= WHAT YOU WILL DO =
All entries are to be copied verbatim, while the pictures stay out.

────

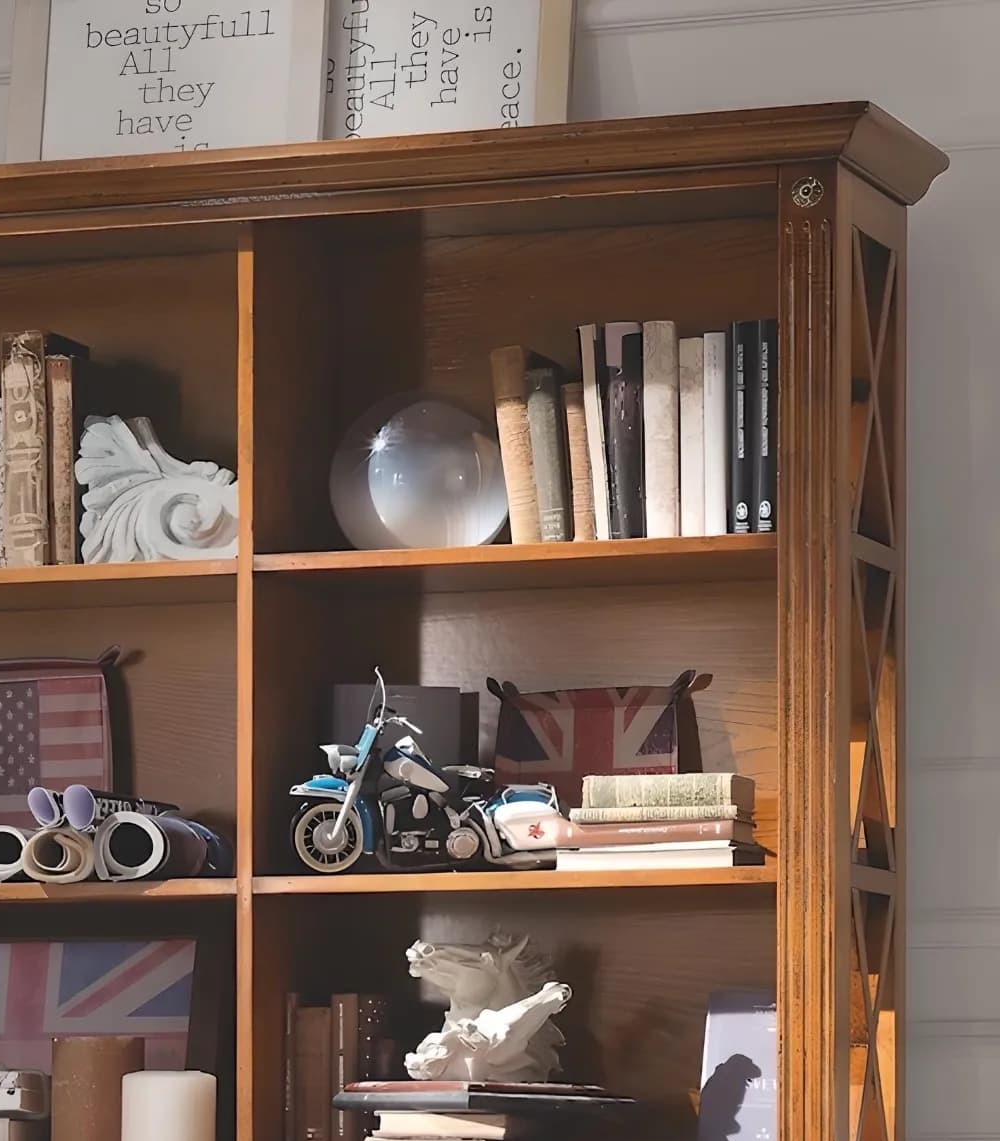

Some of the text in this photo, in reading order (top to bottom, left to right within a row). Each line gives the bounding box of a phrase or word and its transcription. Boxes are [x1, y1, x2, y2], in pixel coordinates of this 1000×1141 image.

[86, 9, 275, 50] beautyfull
[464, 6, 492, 43] is
[119, 46, 177, 76] All
[401, 11, 437, 88] they
[430, 27, 461, 108] have
[138, 77, 216, 108] they
[369, 52, 397, 110] All
[116, 109, 193, 136] have
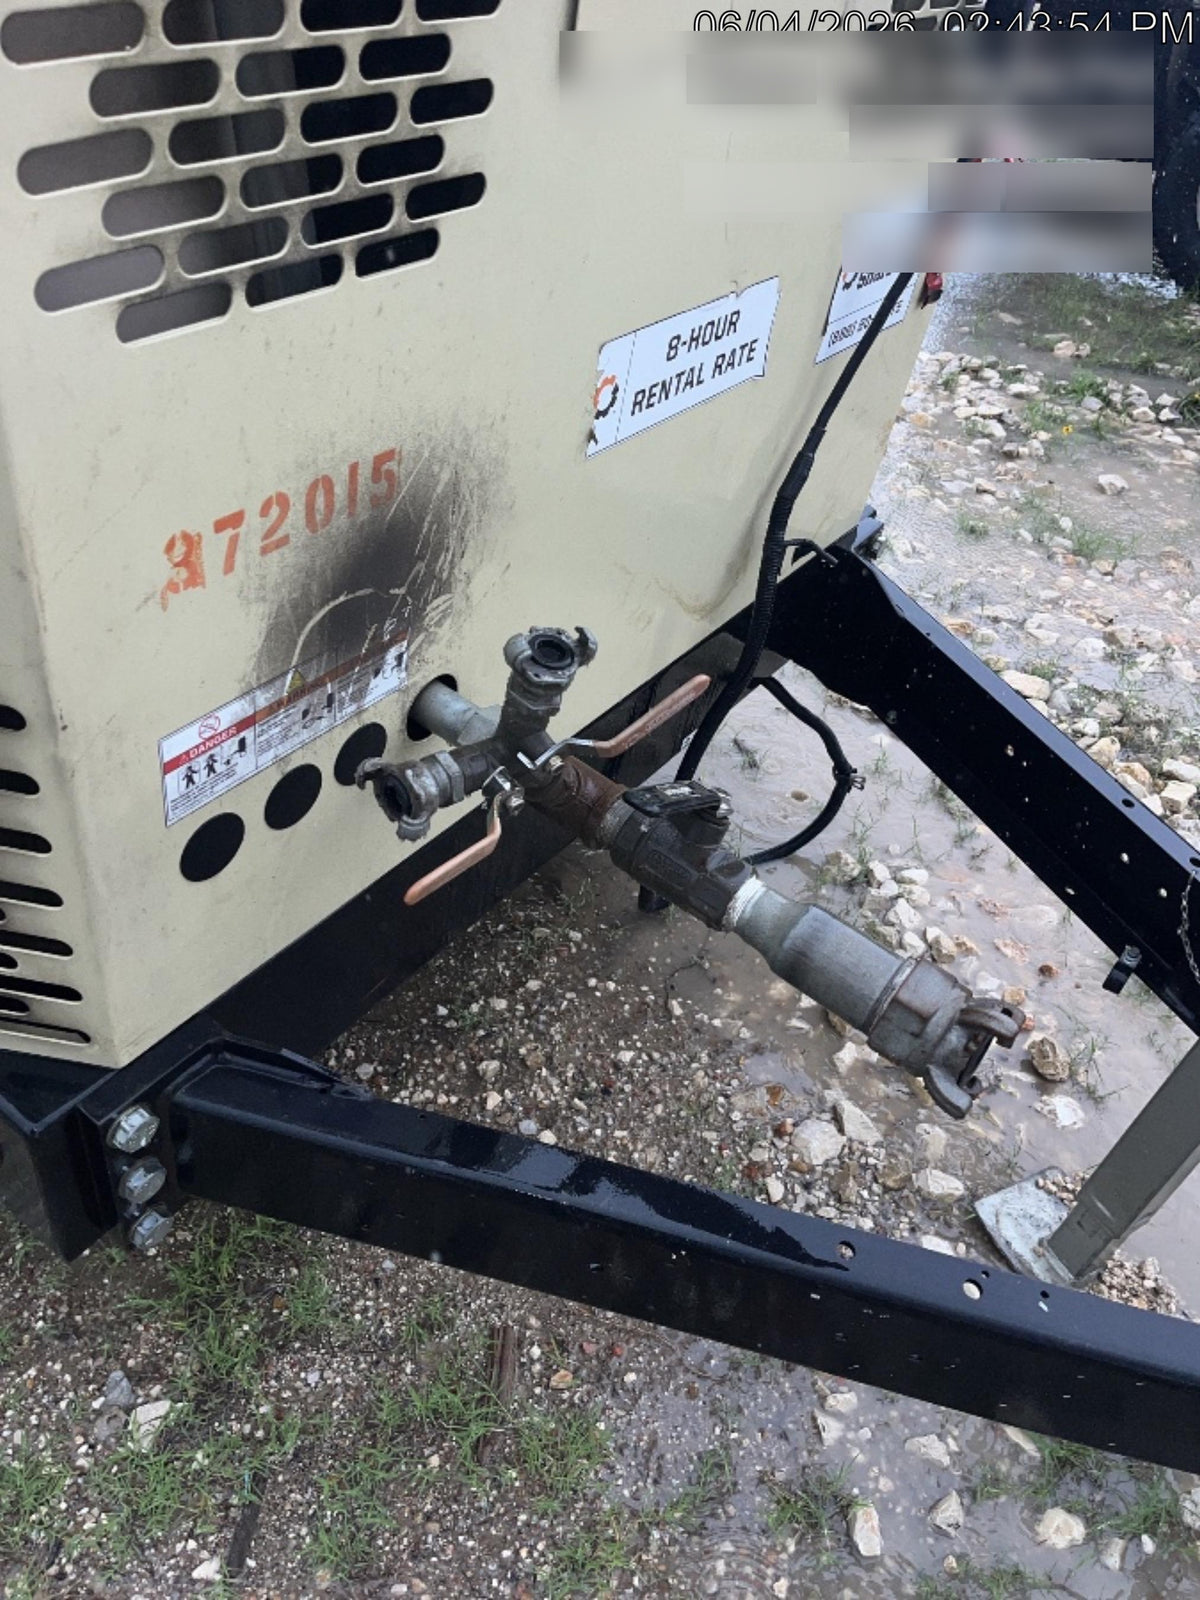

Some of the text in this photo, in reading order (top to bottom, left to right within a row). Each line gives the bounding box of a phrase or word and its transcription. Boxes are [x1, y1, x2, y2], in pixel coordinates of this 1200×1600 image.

────

= WRITTEN RESPONSE =
Some of the text in this photo, in reading order (top to bottom, left to right within a row). Each line gives the bounding box of a phrase or word and its transcription. Boxes are [x1, y1, x2, y2], in pixel coordinates of this 1000×1141 image.

[86, 9, 275, 50] beautyfull
[464, 6, 492, 43] is
[119, 46, 177, 76] All
[401, 11, 437, 88] they
[430, 27, 461, 108] have
[138, 77, 216, 108] they
[369, 52, 397, 110] All
[116, 109, 193, 136] have

Some of the text in this photo, in reading order (top to bottom, left to right within a row). Each line gives the bounding box of a phrase or word and its transcription. Boxes are [x1, y1, x2, y2], in pixel coordinates of this 1200×1600 image.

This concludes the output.